Action item:
In the copy you make, keep each entry exactly as it is and leave out all images.

Dataset records:
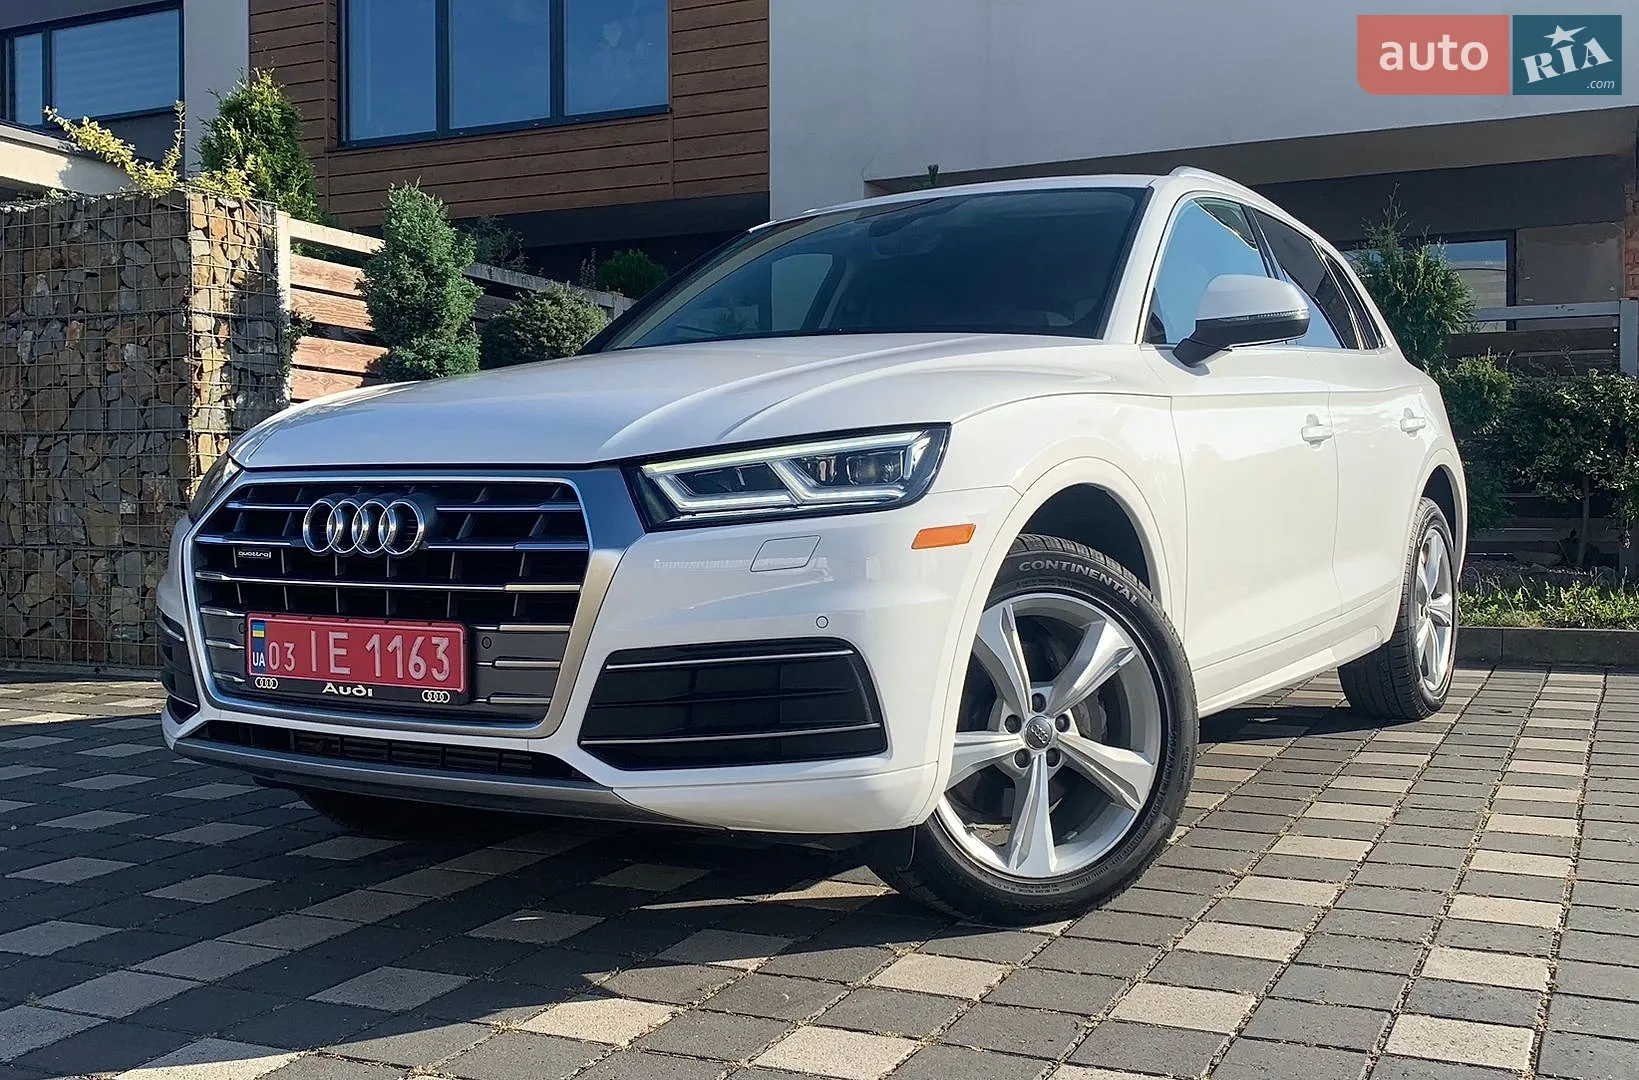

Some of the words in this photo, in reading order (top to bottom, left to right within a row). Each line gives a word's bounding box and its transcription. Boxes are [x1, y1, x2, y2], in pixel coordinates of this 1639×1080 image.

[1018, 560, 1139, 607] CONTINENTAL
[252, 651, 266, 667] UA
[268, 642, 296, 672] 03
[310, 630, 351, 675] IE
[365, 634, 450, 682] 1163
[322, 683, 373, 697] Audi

Result of the exercise:
Some of the words in this photo, in reading order (top to bottom, left to right within a row). Each line gives a word's bounding box and its transcription. Boxes are [x1, y1, x2, y2], in pixel coordinates of this 1639×1080 image.

[1018, 560, 1139, 607] CONTINENTAL
[252, 651, 266, 667] UA
[268, 642, 296, 672] 03
[310, 630, 351, 675] IE
[365, 634, 450, 682] 1163
[322, 683, 373, 697] Audi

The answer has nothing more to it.